Children admitted to UK intensive care units in out-of-hours emergencies are at no greater risk of dying than children arriving during normal working hours, according to new research.
But the University of Leeds and the University of Leicester researchers found that death rates rise substantially in the winter.
It is the first big study into the effect of admission times on deaths in paediatric intensive care units.
The research contradicts an earlier study in 2010 which said that mortality rates for patients admitted for weekend emergency treatment were up to 10% higher than those brought in during normal working hours.
The new study’s results are expected to have a significant influence on the debate on out-of-hours NHS provision.
The Royal College of Pediatrics and Child Health warned last month that many children admitted out of hours with serious health problems are not seeing a senior paediatrician quickly.
Two months earlier Sir Bruce Keogh, medical director of NHS England, called for seven-days-a-week consultant-led care.
The new study was based on admissions to 29 paediatric intensive care units between 2006 and 2011.
It did not find any negative consequences for weekend or night-time emergency admissions.
The study did, however, find a near doubling of mortality risk for children admitted outside weekday 9-5 provision after a planned admission. This heightened risk is thought to be related to children who have undertaken long, complex surgery that brings a higher danger of mortality.

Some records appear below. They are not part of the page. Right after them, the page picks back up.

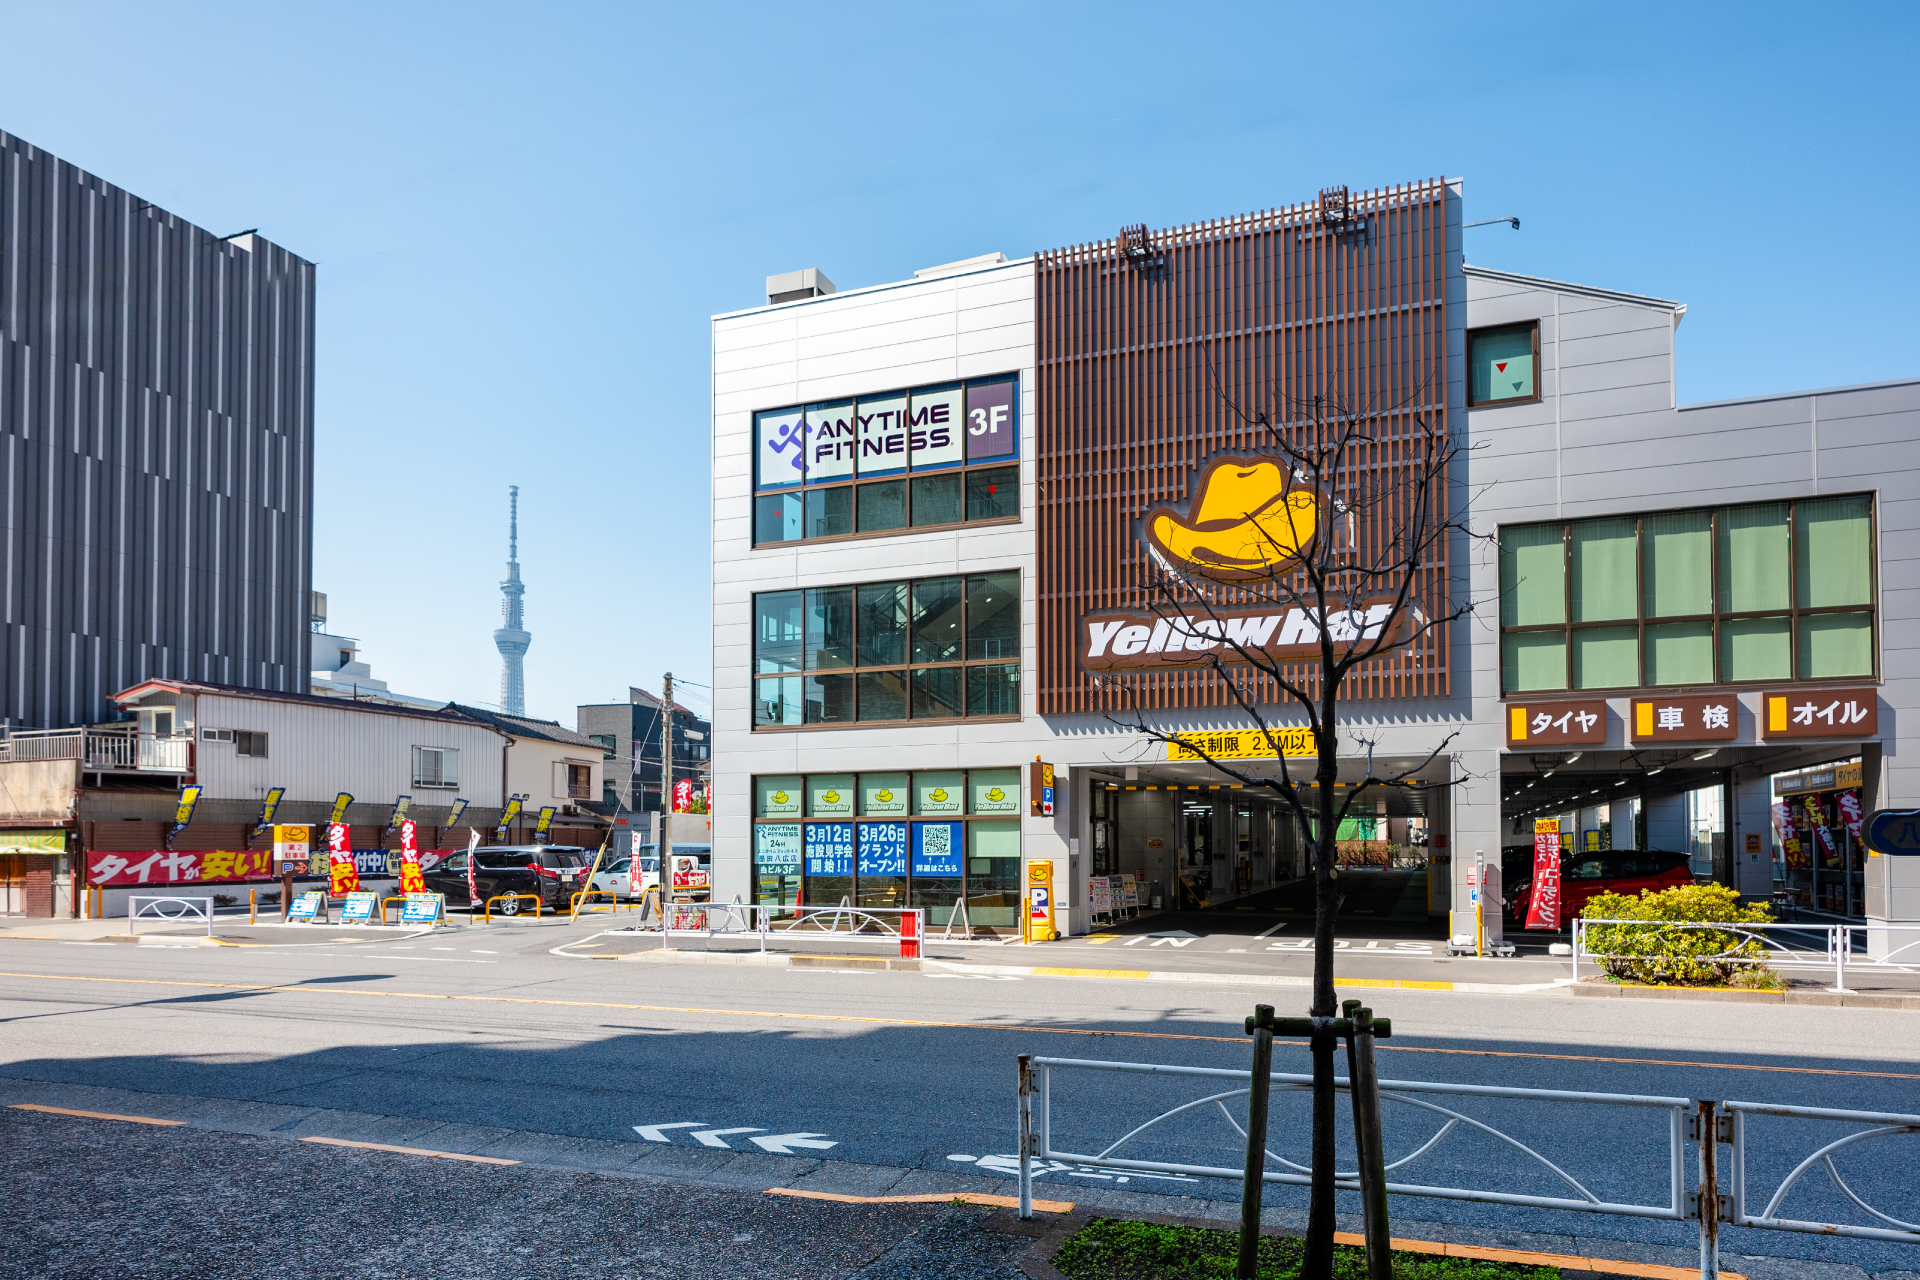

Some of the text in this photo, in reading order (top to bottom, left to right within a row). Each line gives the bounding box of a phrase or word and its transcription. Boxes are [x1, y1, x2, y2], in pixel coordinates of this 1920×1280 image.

[816, 403, 950, 440] ANYTIME
[968, 404, 1009, 436] 3F
[815, 427, 950, 463] FITNESS
[1793, 700, 1869, 726] オイル
[1531, 710, 1598, 735] タイヤ
[1178, 736, 1240, 754] 高さ制限
[1045, 788, 1051, 801] P
[806, 825, 851, 843] 3月12日
[859, 824, 906, 843] 3月26日
[770, 839, 786, 848] 24H
[805, 844, 854, 859] 施設見学会
[859, 844, 905, 858] グランド
[90, 850, 272, 885] タイヤが安い!
[283, 862, 294, 875] P
[760, 865, 795, 875] 当ビル3F
[811, 859, 848, 873] 開始!!
[859, 859, 905, 873] オープン!!
[916, 864, 958, 872] 詳細はこちら
[1031, 889, 1048, 906] P
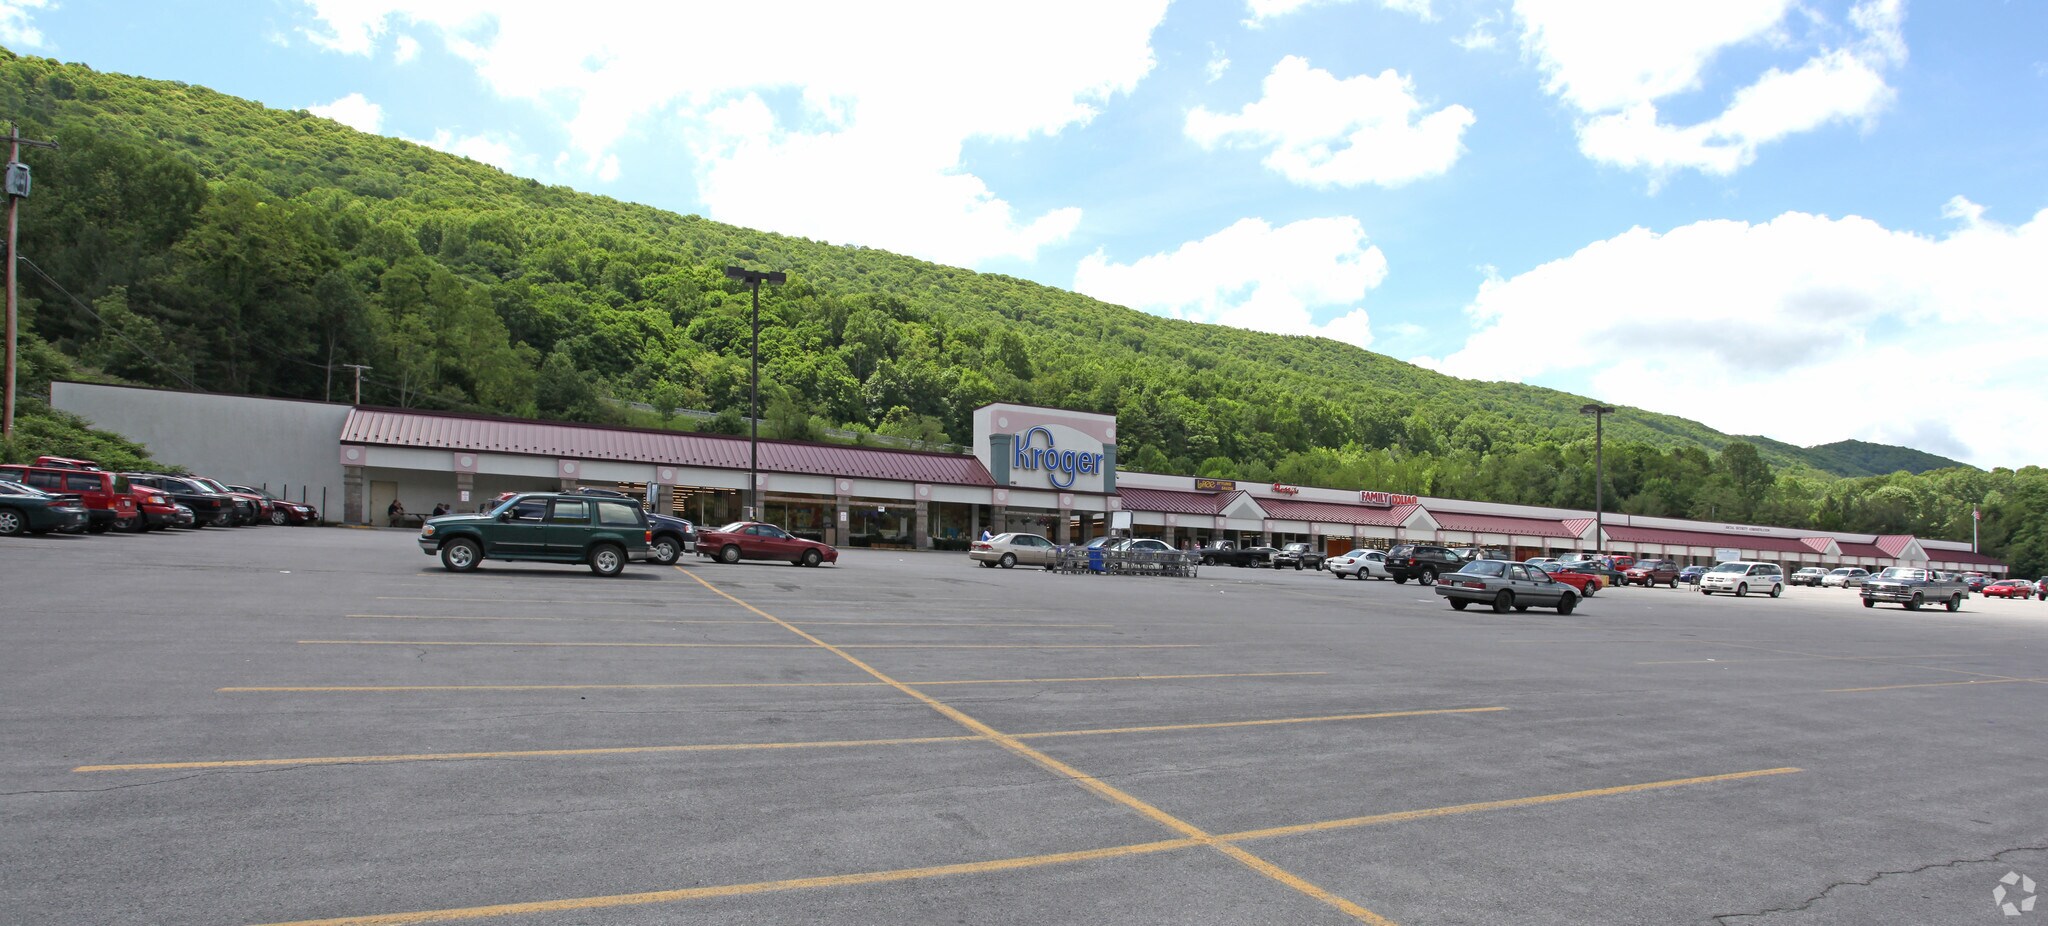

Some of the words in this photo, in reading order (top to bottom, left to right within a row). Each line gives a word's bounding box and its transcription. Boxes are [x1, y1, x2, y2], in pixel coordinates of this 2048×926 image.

[1014, 426, 1104, 488] Kroger
[1361, 491, 1389, 503] FAMILY
[1391, 494, 1417, 505] DOLLAR

The report also found significantly higher mortality rates in the winter, even after factoring in extra health risks for children in the colder months, with a 13% rise in deaths in November, December and January.
Dr Roger Parslow, a senior lecturer in the University of Leeds’ School of Medicine, urged further research into higher winter out-of-hours admission mortality rates.
The study, which was commissioned by the Healthcare Quality Improvement Partnership and undertaken by the Paediatric Intensive Care Audit Network (PICANet), was published in the Journal of Pediatrics.